ÉDITORIAL. Avec l'entrée au parlement des héritiers du rabbin extrémiste Meir Kahane, Israël franchit un pas qui l'éloigne encore du rêve de ses fondateurs

En avant pour un nouveau tour de piste. Au terme d’un quatrième rendez-vous électoral en deux ans, Israël se retrouve, en apparence tout du moins, pratiquement au point de départ: à l’image d’une société très fragmentée, l’émiettement des partis politiques est tel que nul ne peut prévoir encore l’issue finale, tant elle dépendra du jeu sans fin des alliances et des contreparties politiques.
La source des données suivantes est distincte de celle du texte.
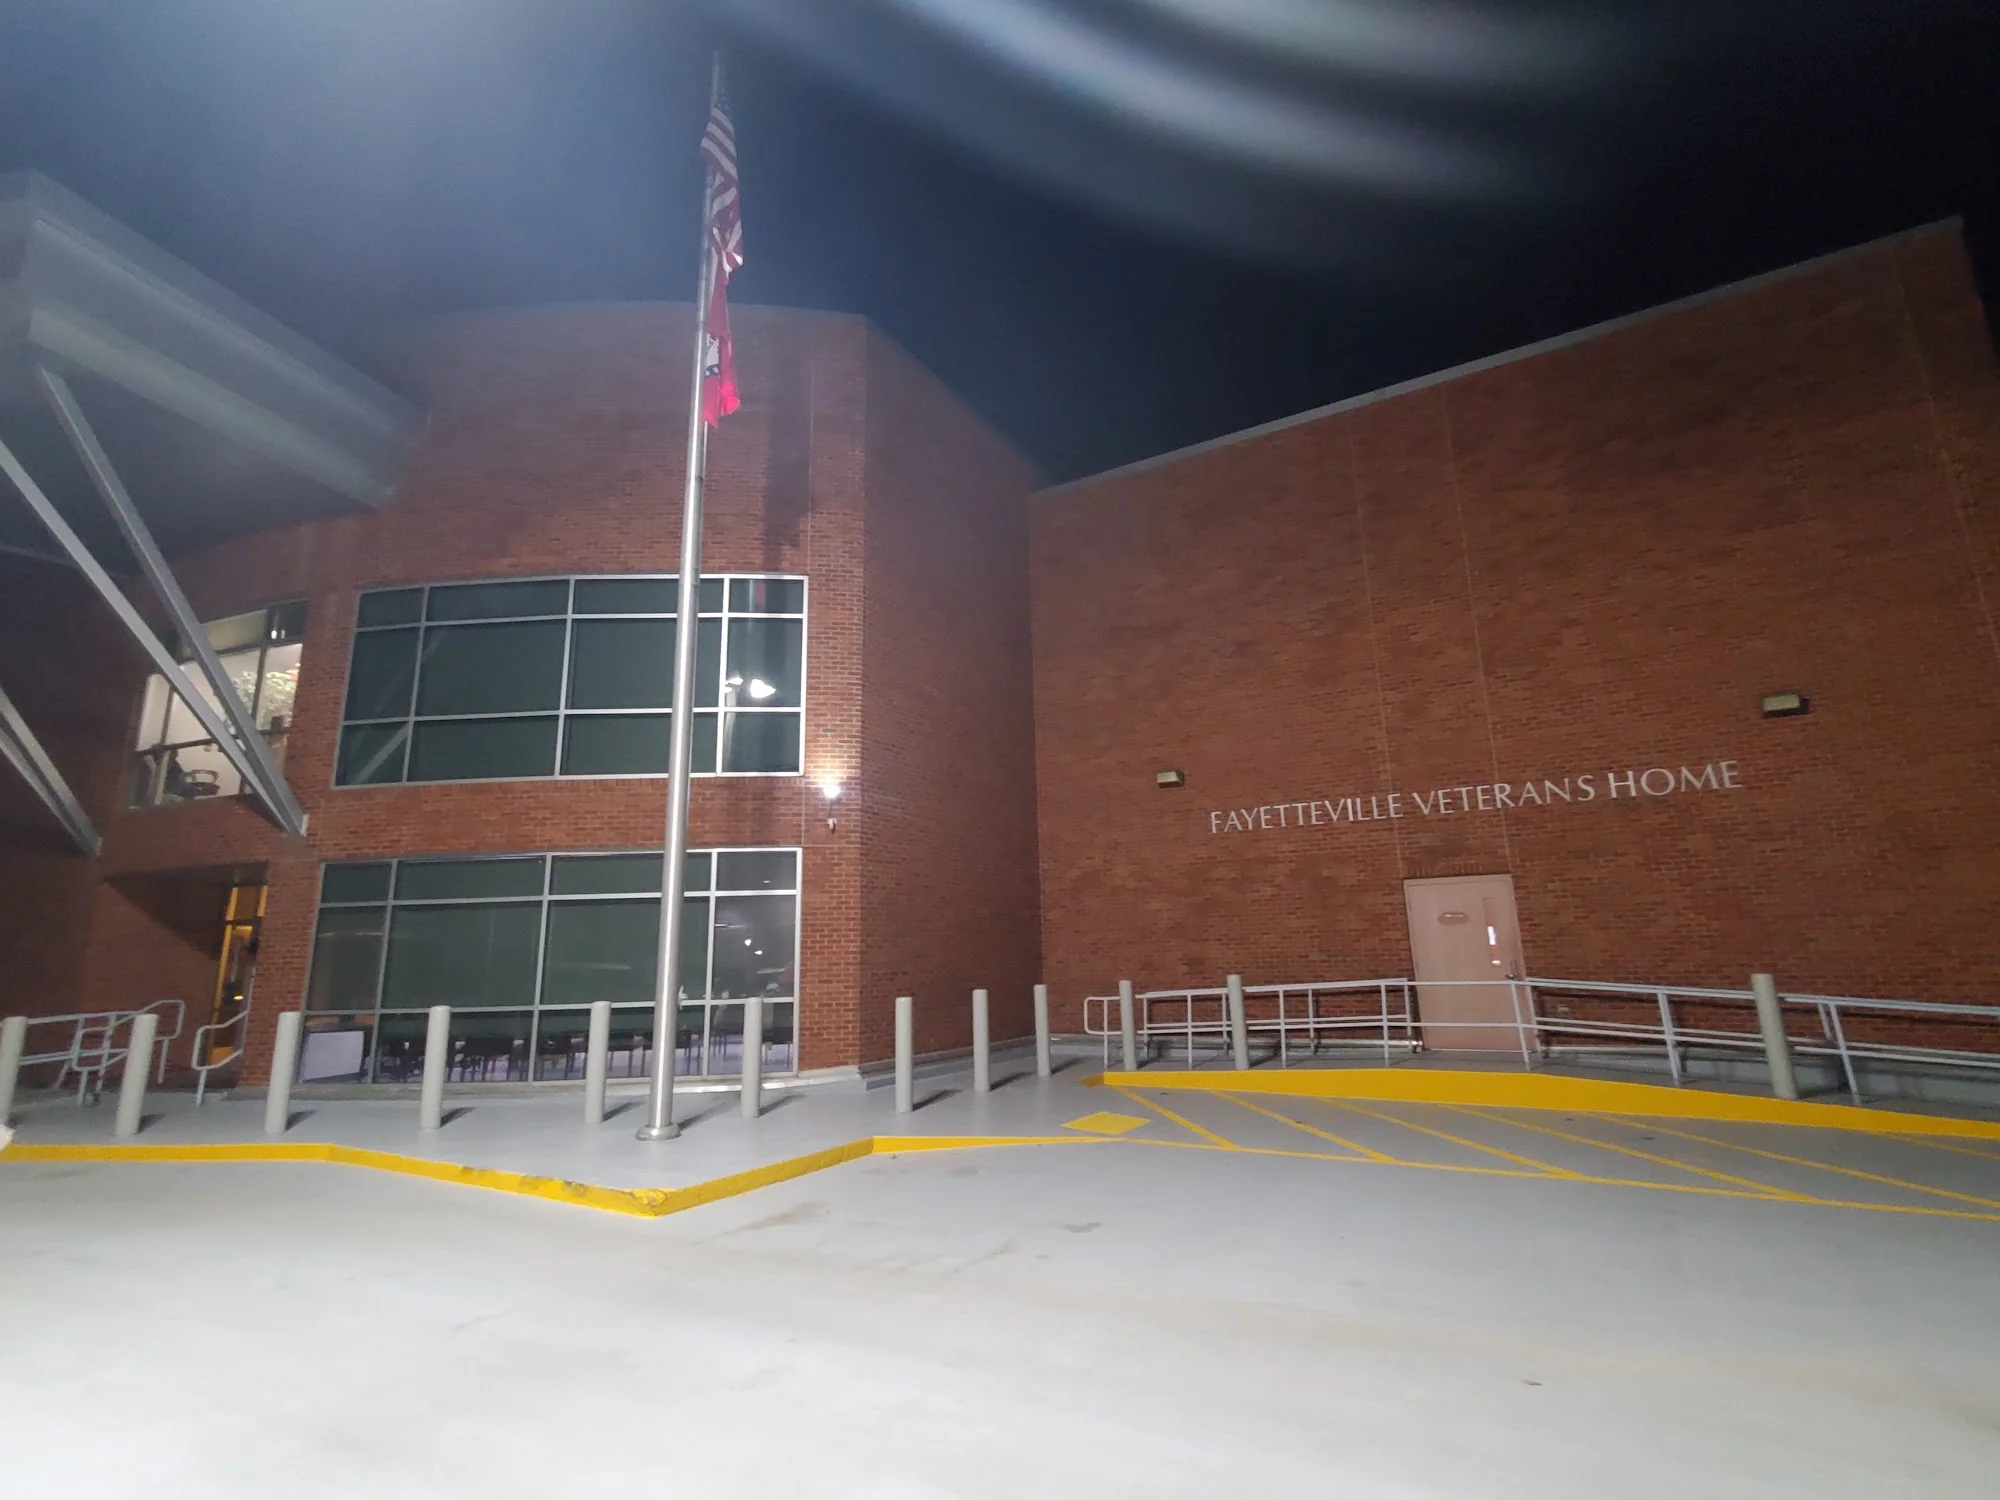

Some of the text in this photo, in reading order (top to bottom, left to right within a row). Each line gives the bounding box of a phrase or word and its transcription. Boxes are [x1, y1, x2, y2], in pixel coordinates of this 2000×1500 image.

[1211, 761, 1742, 833] FAYETTEVILLE VETERANS HOME
Derrière cette paralysie de façade, pourtant, la démocratie israélienne continue de faire sauter les digues les unes après les autres. Cette fois, c’est l’irruption au parlement d’un parti extrémiste héritier du mouvement de Meir Kahane. Prônant le suprématisme juif, l’homophobie, le racisme et la violence, ce mouvement avait été rejeté comme un corps étranger par la société israélienne il y a un quart de siècle. Son acceptation, aujourd’hui, est le dernier signe en date de la transformation radicale que vit le pays gouverné depuis douze ans par Benyamin Netanyahou.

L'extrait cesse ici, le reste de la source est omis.